Wikidata:Events/Data Quality Days 2022/Modeling data

How do we deal with concurrent uses of different properties? The example of modeling data for humans by Epìdosis (Saturday, July 9th - 12:00 UTC)

Presentation edit

Note: the presentation has been updated a few times after the 9th July 2022: this was the version of the page presented at the Data Quality Days 2022.

Issue edit

Definition: a datum can sometimes be expressed in several ways, i.e. through different properties and/or qualifiers and/or a combination of properties and qualifiers.

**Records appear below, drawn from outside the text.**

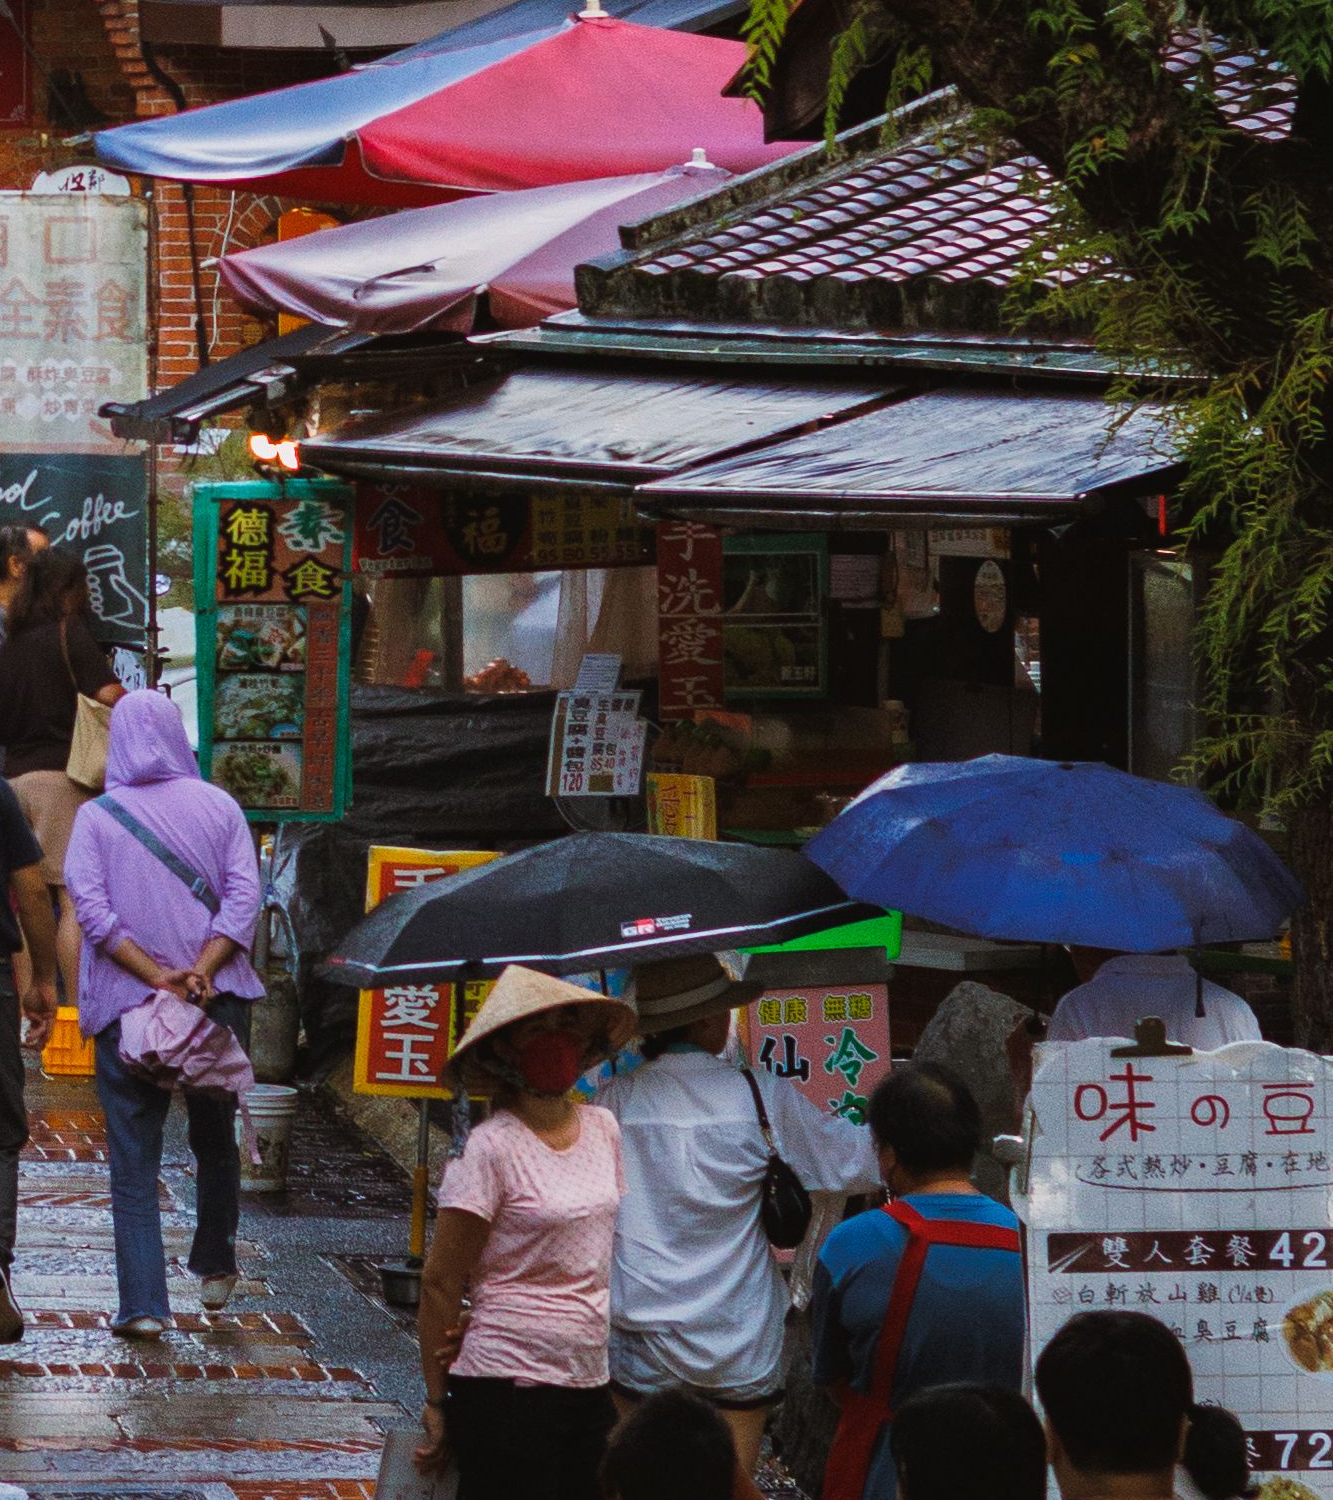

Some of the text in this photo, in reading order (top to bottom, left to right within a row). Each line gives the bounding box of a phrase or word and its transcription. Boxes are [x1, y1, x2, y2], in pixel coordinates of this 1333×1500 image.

[225, 508, 270, 589] 德福
[277, 501, 346, 596] 素食
[757, 993, 873, 1026] 健康 無糖
[1101, 1235, 1257, 1269] 雙人套餐
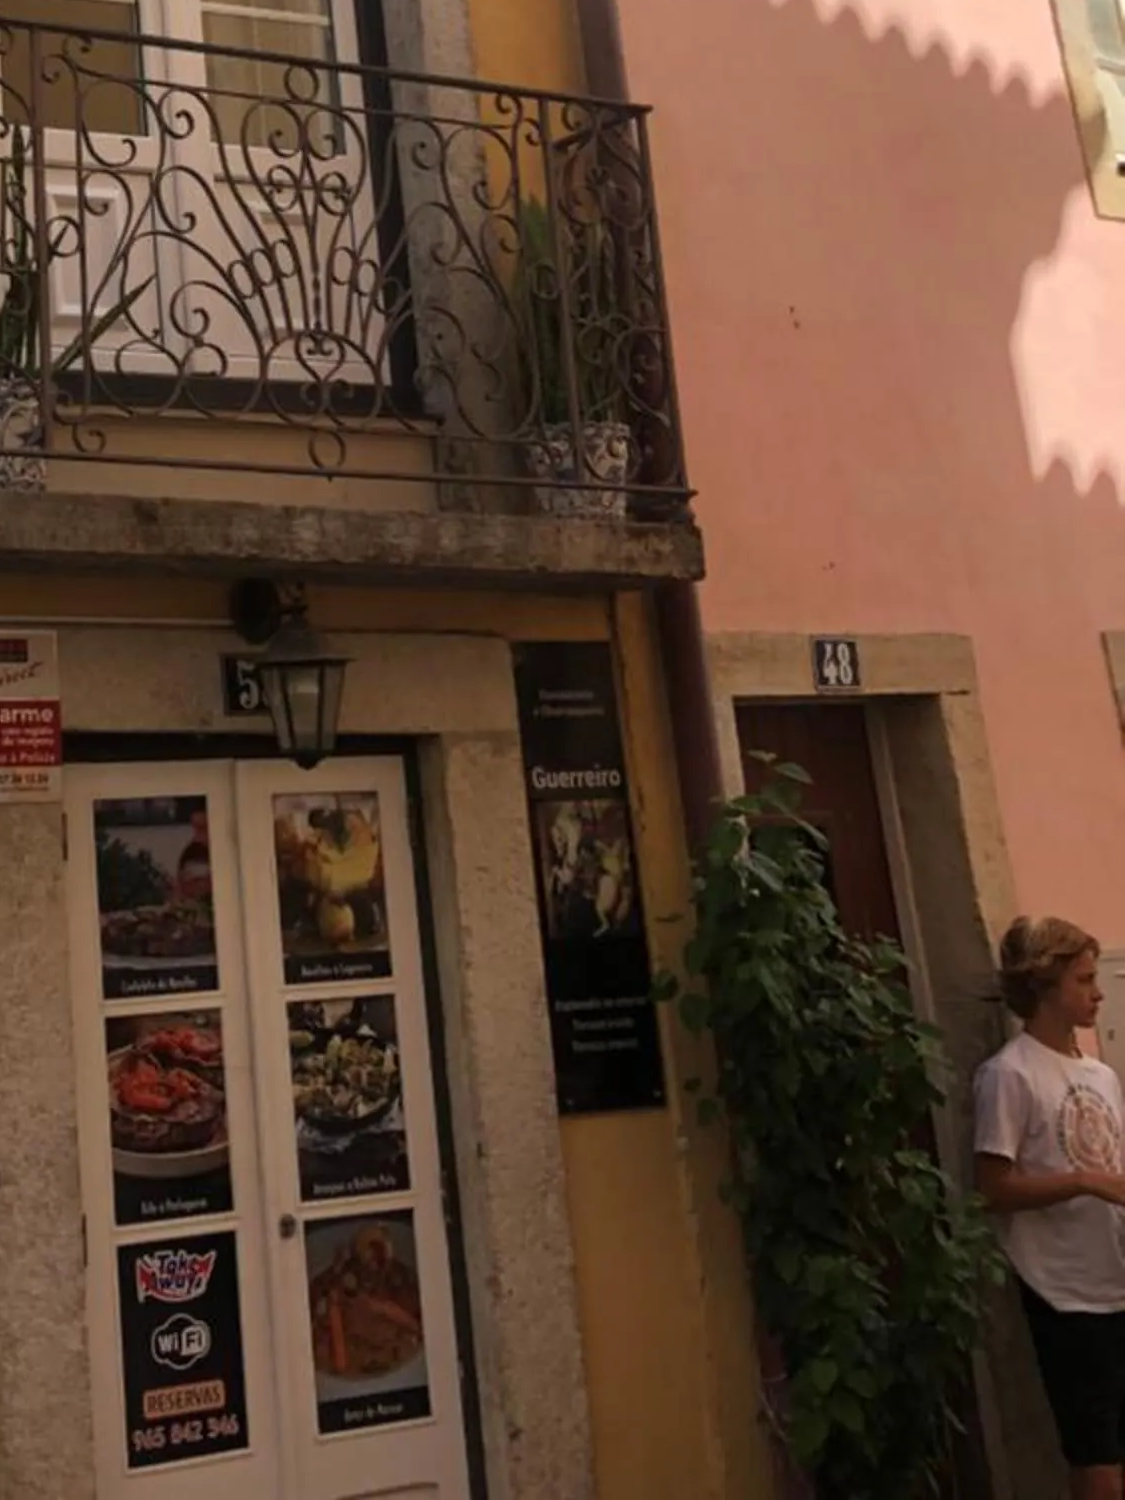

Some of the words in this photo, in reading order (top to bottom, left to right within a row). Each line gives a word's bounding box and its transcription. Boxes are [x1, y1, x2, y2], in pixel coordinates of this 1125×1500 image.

[822, 642, 854, 685] 48
[235, 659, 269, 710] 5
[531, 762, 622, 790] Guerreiro
[146, 1387, 221, 1414] RESERVAS

Easiest patterns (but some cases in #Examples are significantly more complex):

Pattern Explanation
X:A vs Y:A Same value, concurring properties
X:A vs X:B Same property, concurring values
X:A vs Y:B Concurring association property-value

Causes of the issue:

  • banal mistakes by newbies
  • insufficient clarity of how a property should be used (= unclear descriptions and too few constraints)
  • insufficient guidance by WikiProjects on how to model certain data
  • data imported from an external source which models some properties differently from Wikidata (e.g. overextension of P106 due to GND)

Consequences: this lack of uniformity makes queries and other data analyses significantly more difficult and may cause some users (and data reusers) to miss some data, thinking that they don't exist simply because they aren't modeled in the way they predict.

Examples edit

H in "type" marks examples regarding humans (instance of (P31)human (Q5)).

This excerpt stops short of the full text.